Task item ▸
Every entry is to be returned as it stands, apart from the pictures.

Provided material ▸

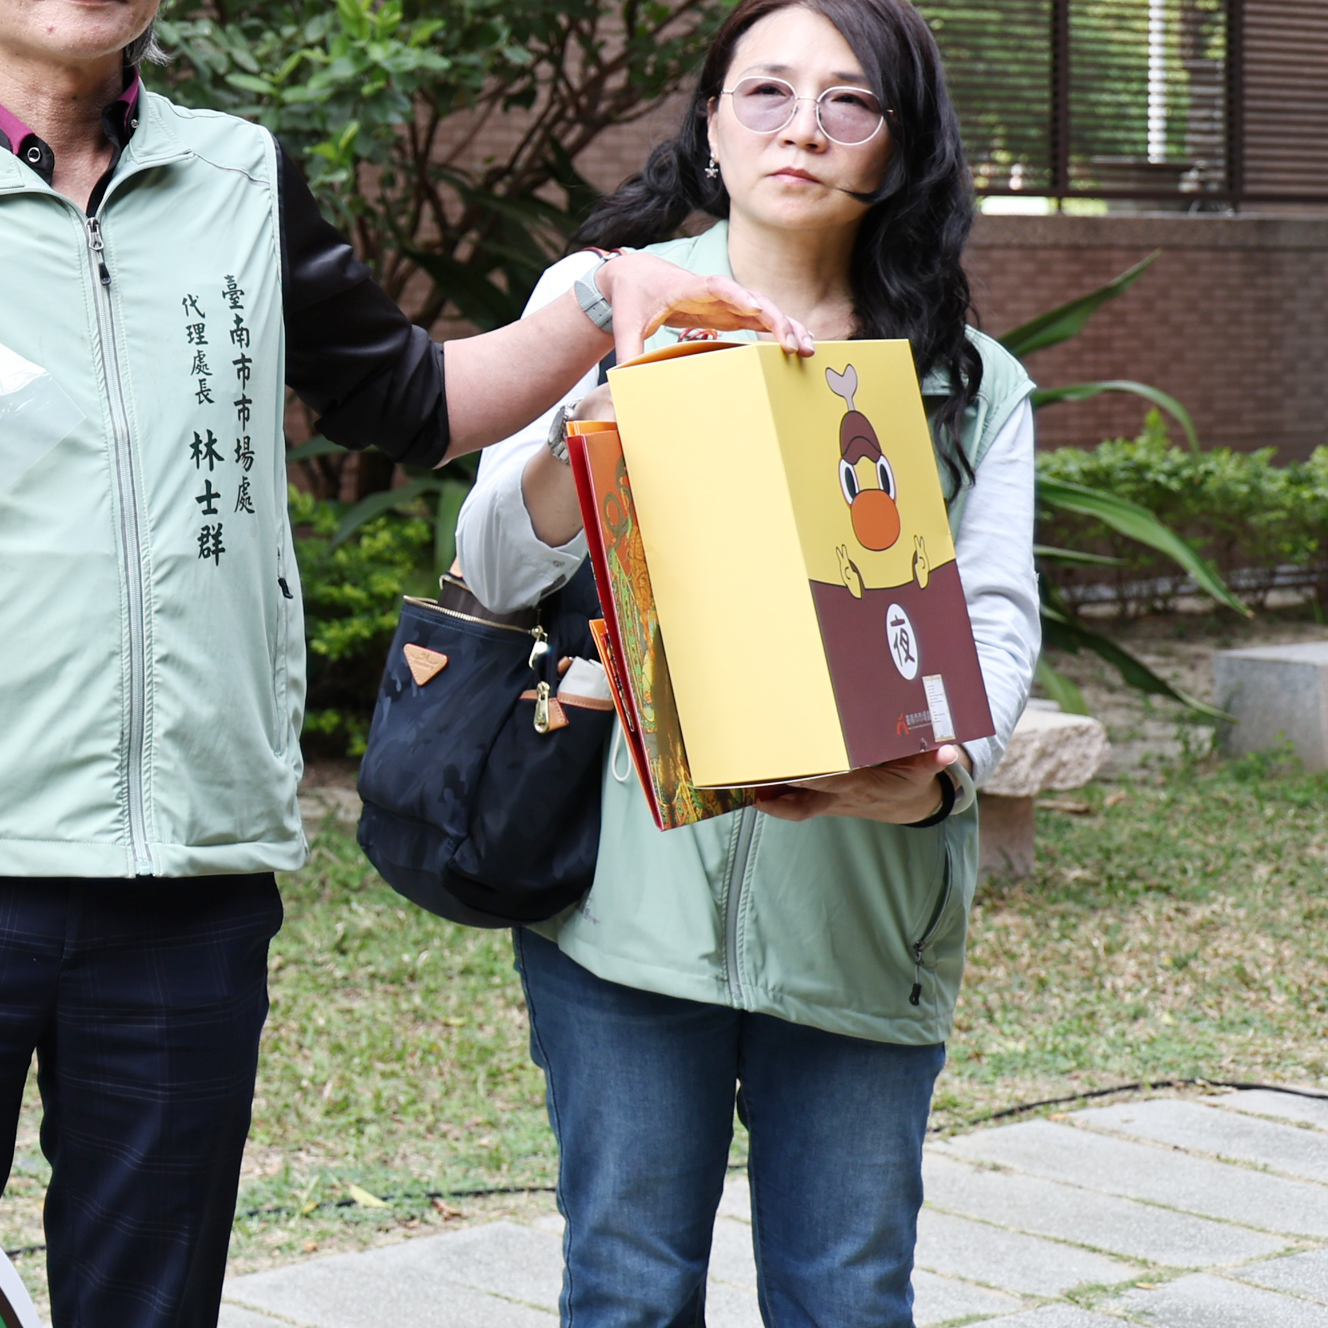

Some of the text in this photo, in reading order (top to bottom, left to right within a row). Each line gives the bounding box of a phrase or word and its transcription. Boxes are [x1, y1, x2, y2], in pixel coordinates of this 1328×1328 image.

[181, 293, 225, 566] 代理處長 林士群
[222, 274, 255, 514] 臺南市市場處
[890, 615, 915, 667] 夜
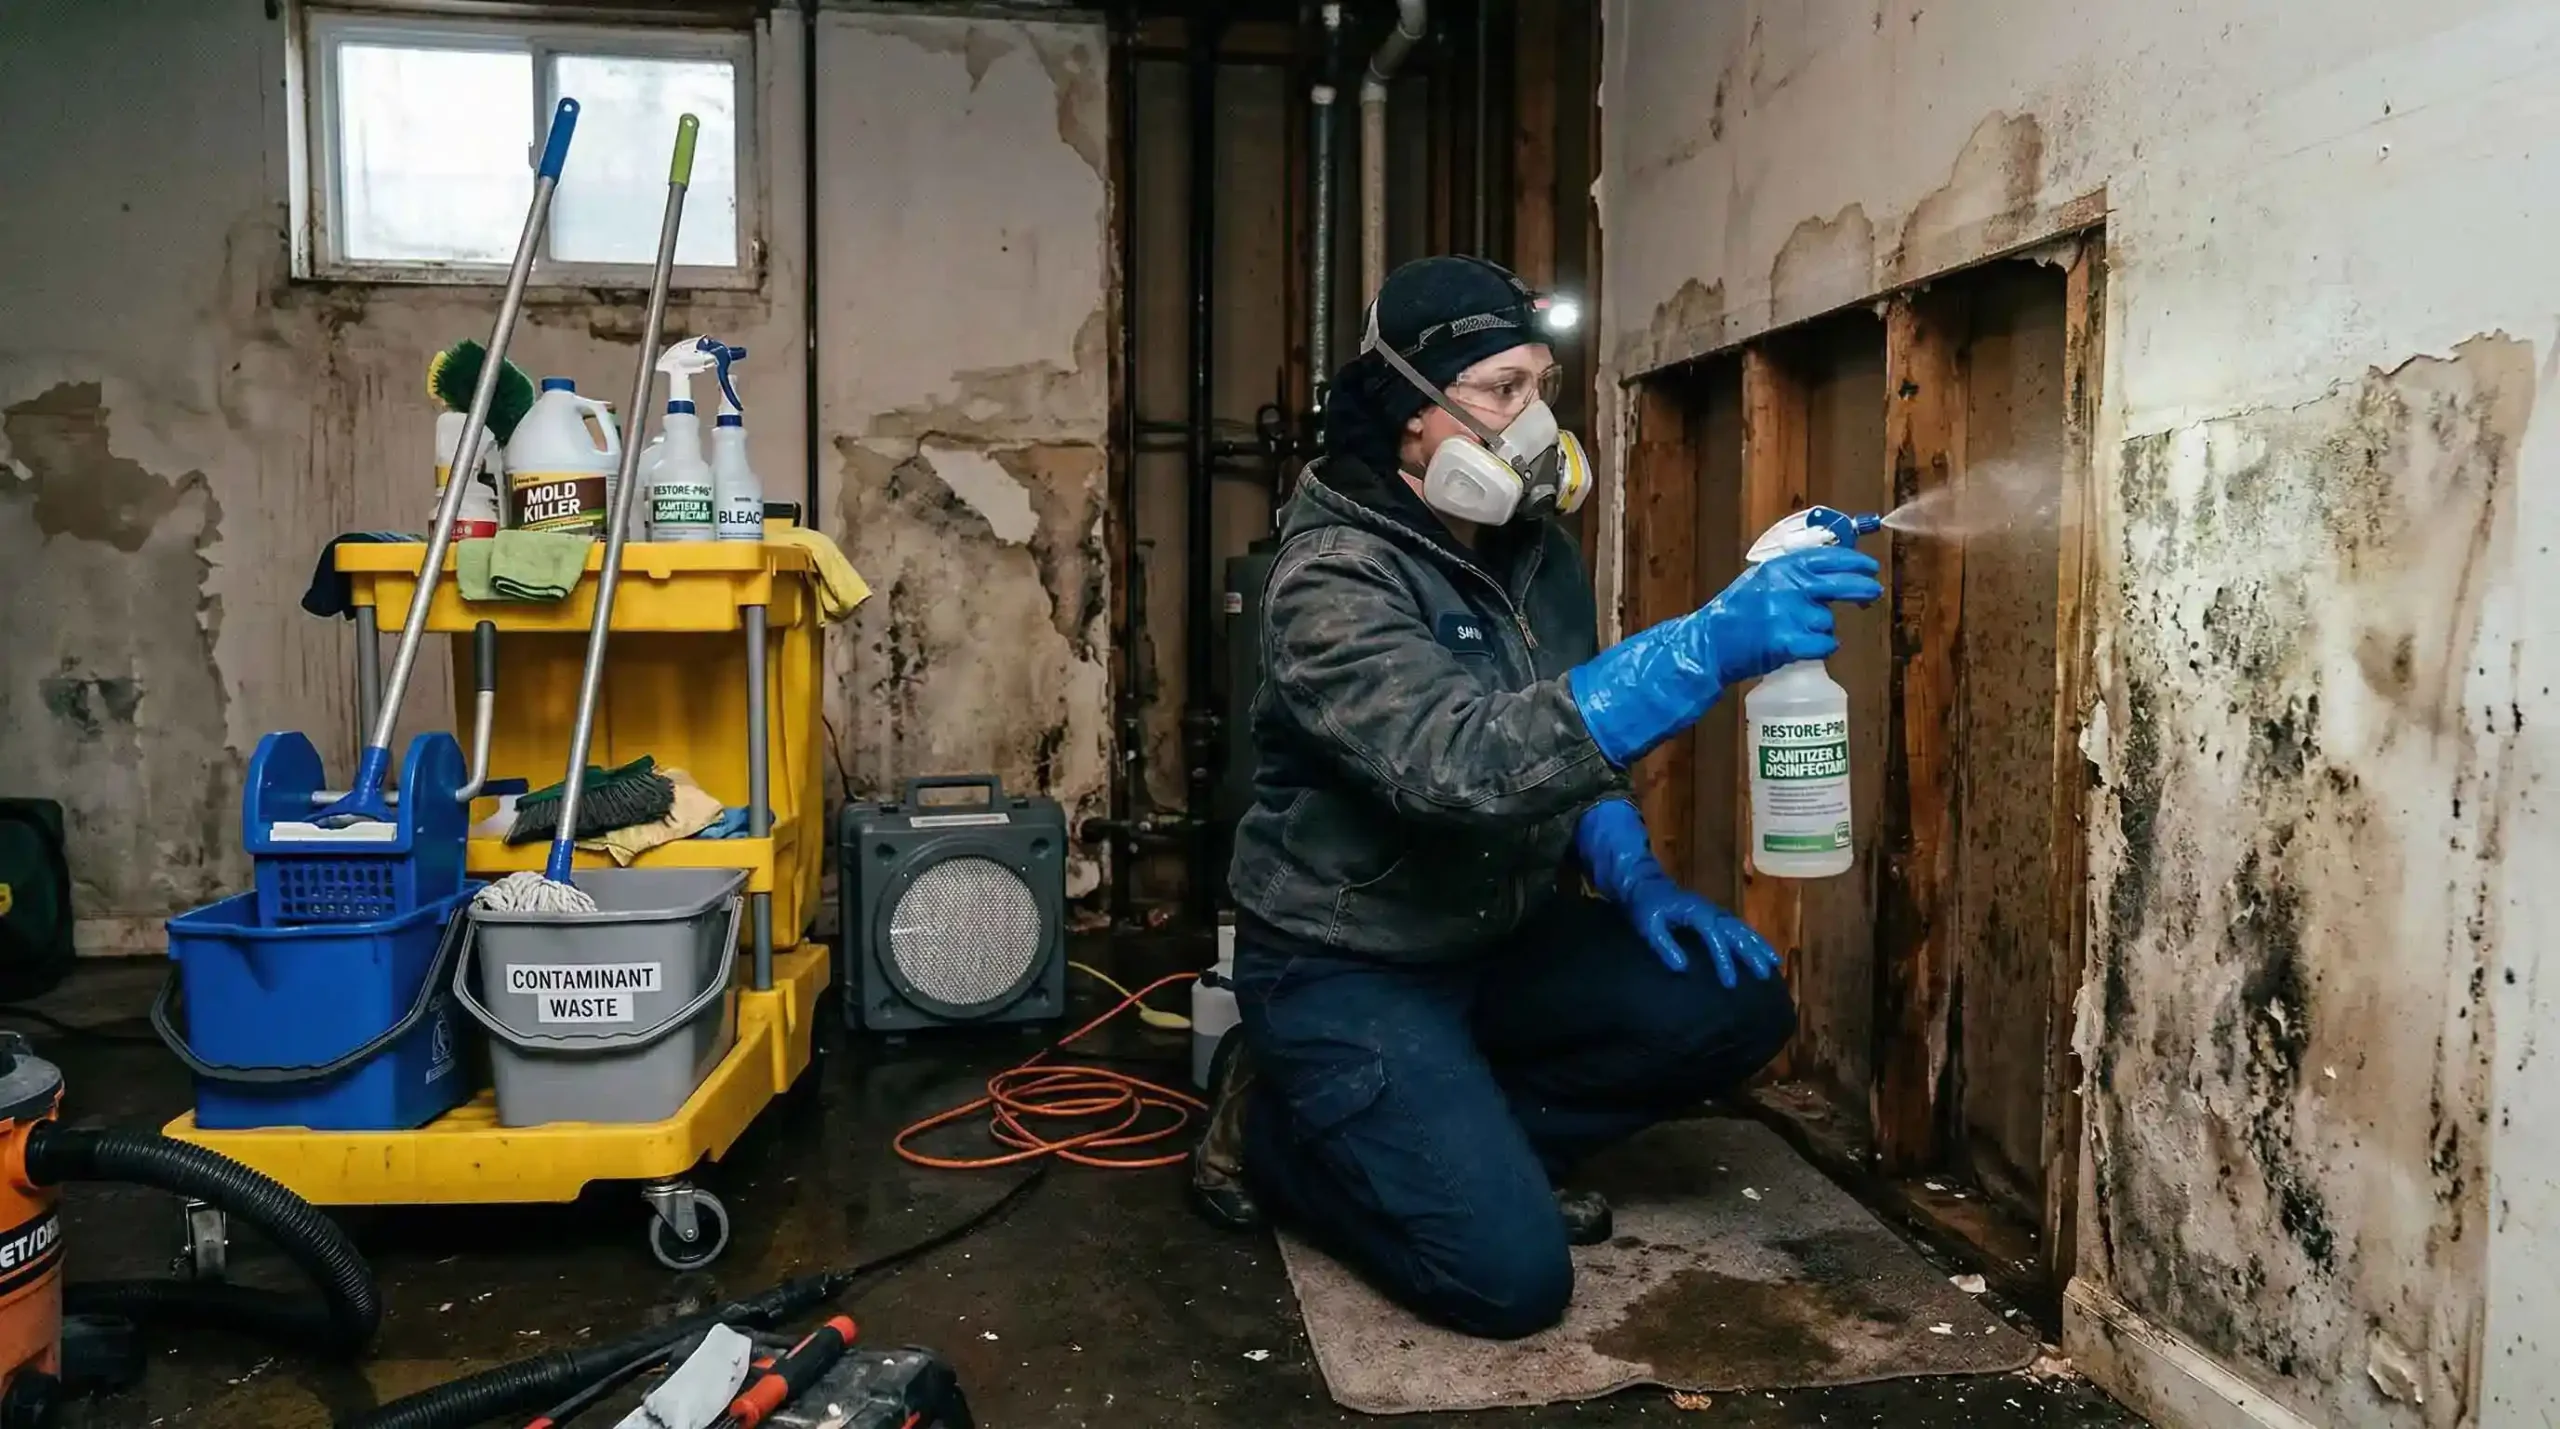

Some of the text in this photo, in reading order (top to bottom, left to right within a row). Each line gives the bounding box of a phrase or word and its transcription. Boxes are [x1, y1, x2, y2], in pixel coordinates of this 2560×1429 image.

[526, 482, 577, 506] MOLD
[523, 498, 581, 523] KILLER
[718, 509, 761, 525] BLEAC
[1767, 745, 1844, 764] SANITIZER &
[512, 967, 654, 990] CONTAMINANT
[549, 998, 618, 1018] WASTE
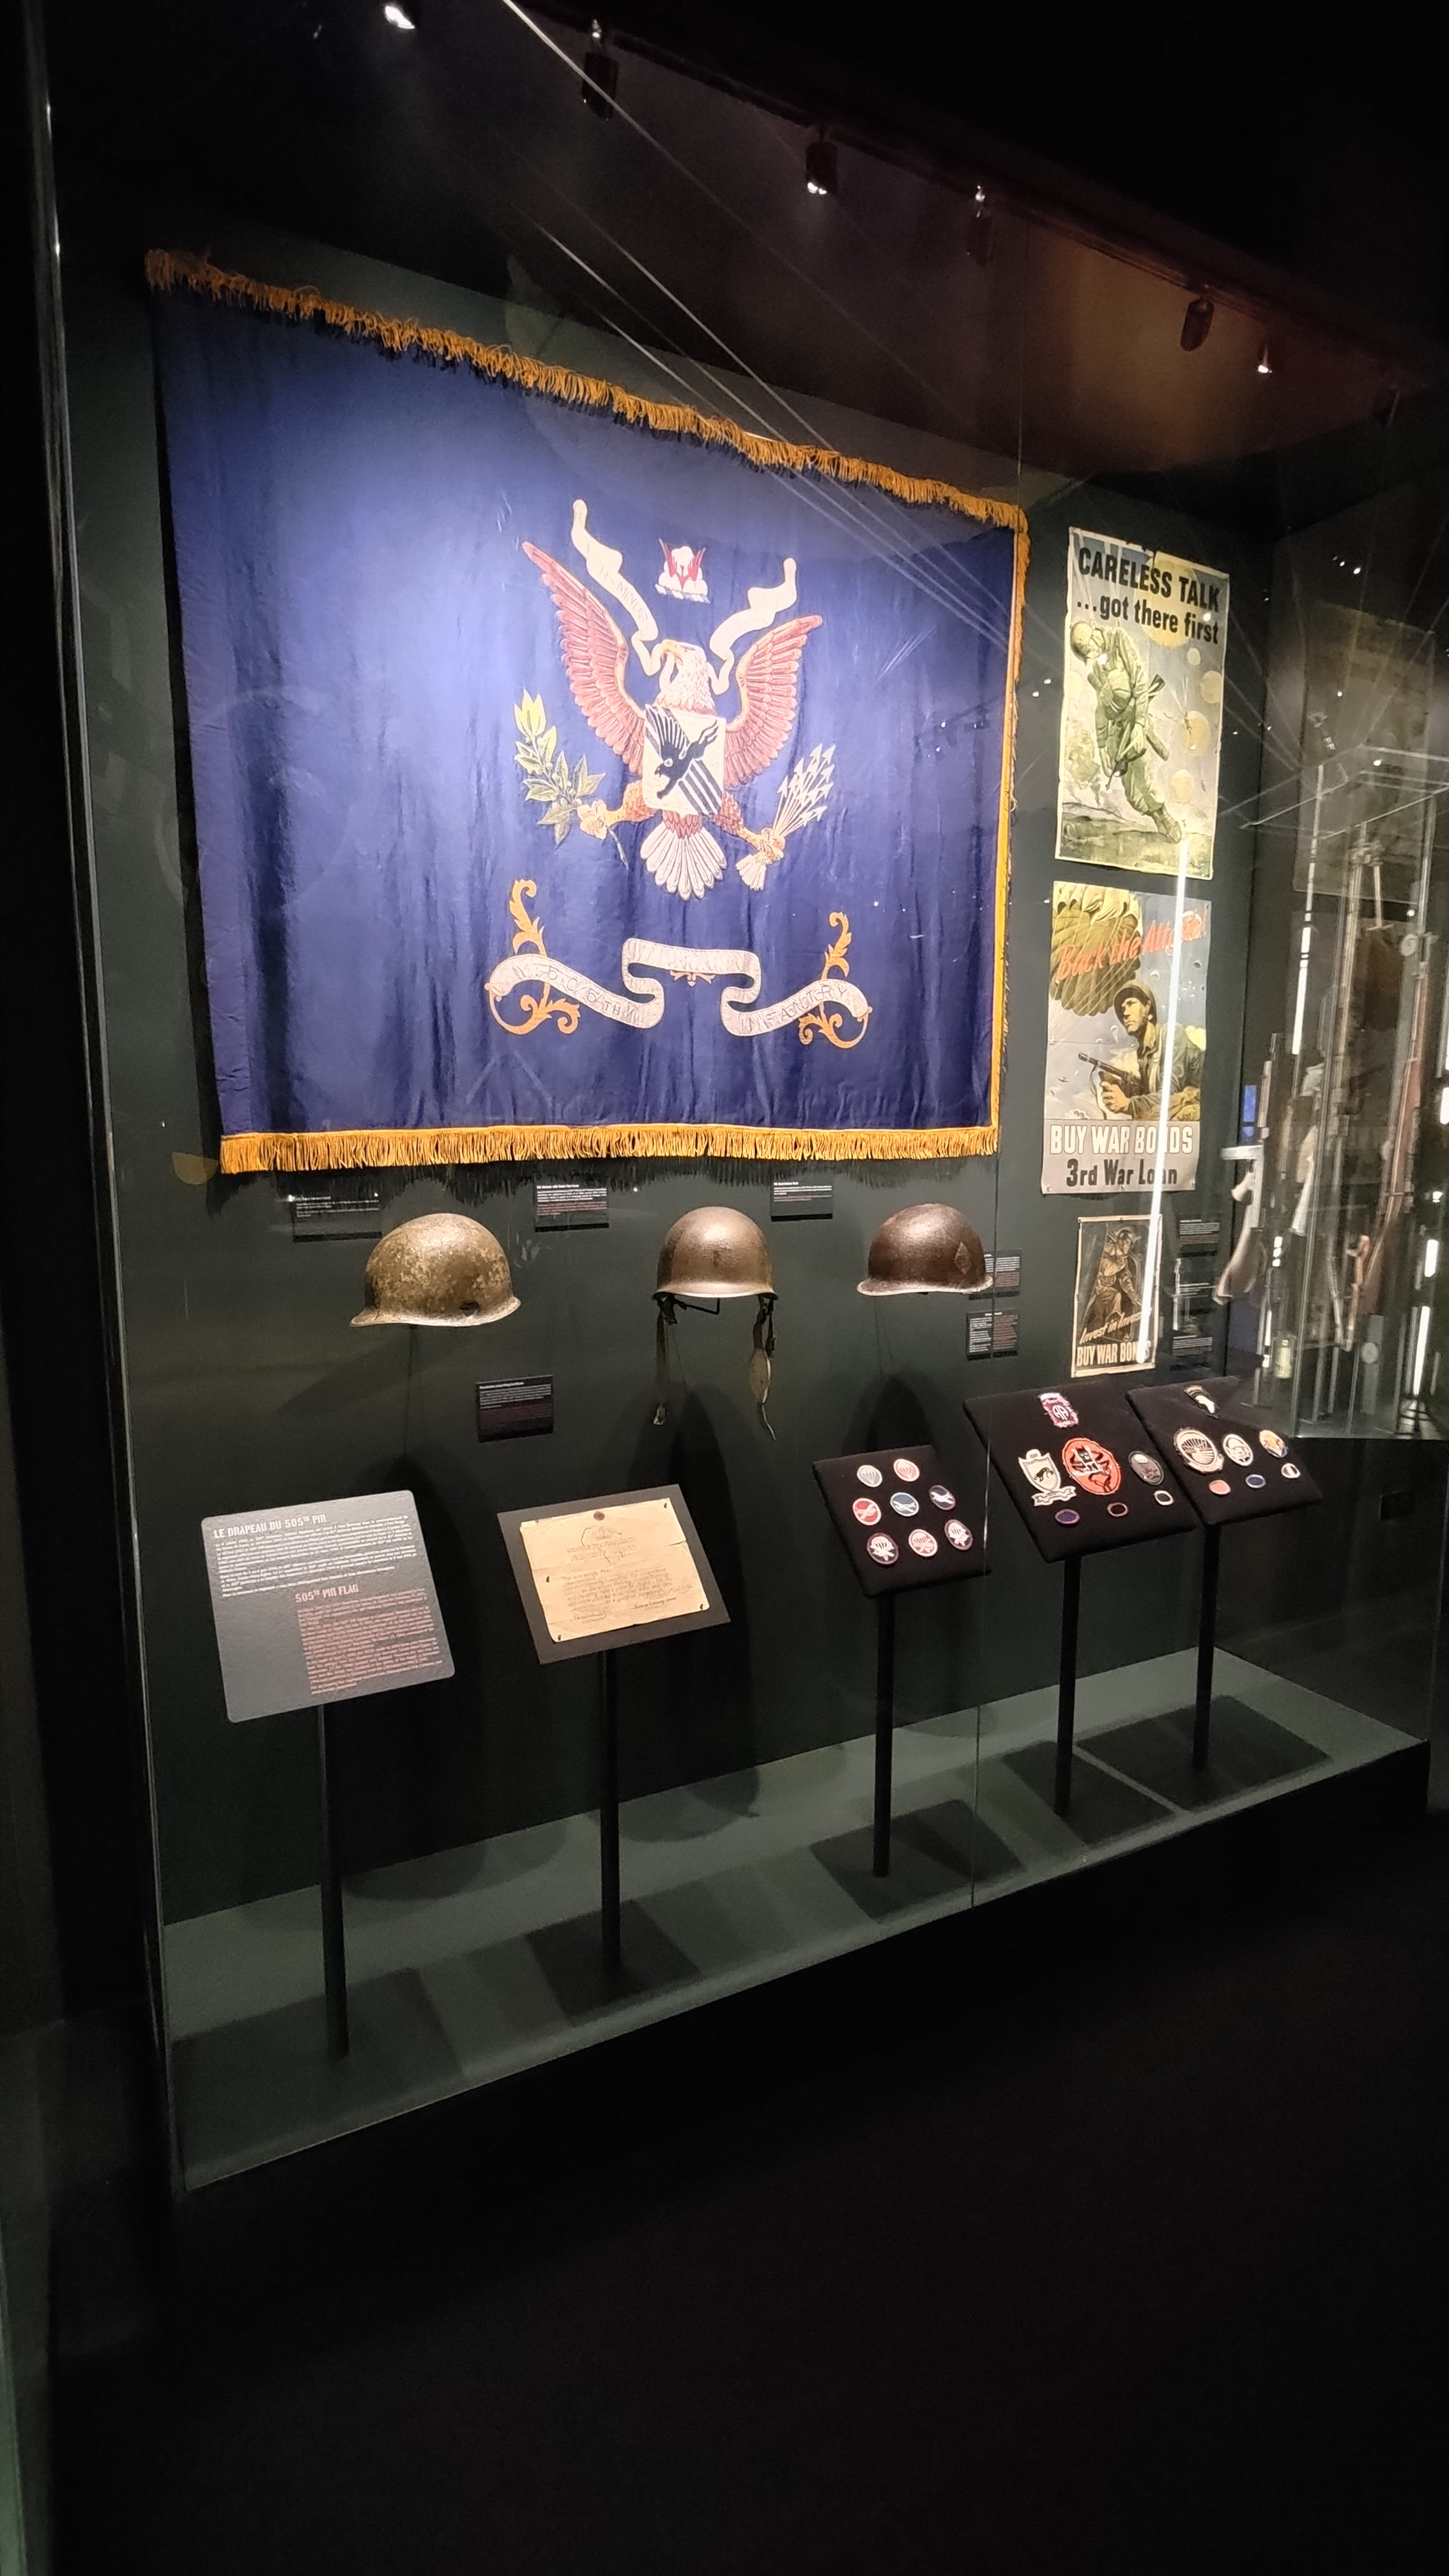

Exercise solution ▸
Some of the text in this photo, in reading order (top to bottom, left to right within a row). Each line gives the bounding box of a phrase or word and its transcription. Boxes are [x1, y1, x2, y2], in pixel coordinates of this 1328×1328 image.

[181, 293, 225, 566] 代理處長 林士群
[222, 274, 255, 514] 臺南市市場處
[890, 615, 915, 667] 夜

Some of the text in this photo, in reading order (top to bottom, left to right within a row). Each line gives the bounding box of a phrase or word and its transcription. Boxes are [x1, y1, x2, y2], in pixel coordinates of this 2560×1429 image.

[526, 482, 577, 506] MOLD
[523, 498, 581, 523] KILLER
[718, 509, 761, 525] BLEAC
[1767, 745, 1844, 764] SANITIZER &
[512, 967, 654, 990] CONTAMINANT
[549, 998, 618, 1018] WASTE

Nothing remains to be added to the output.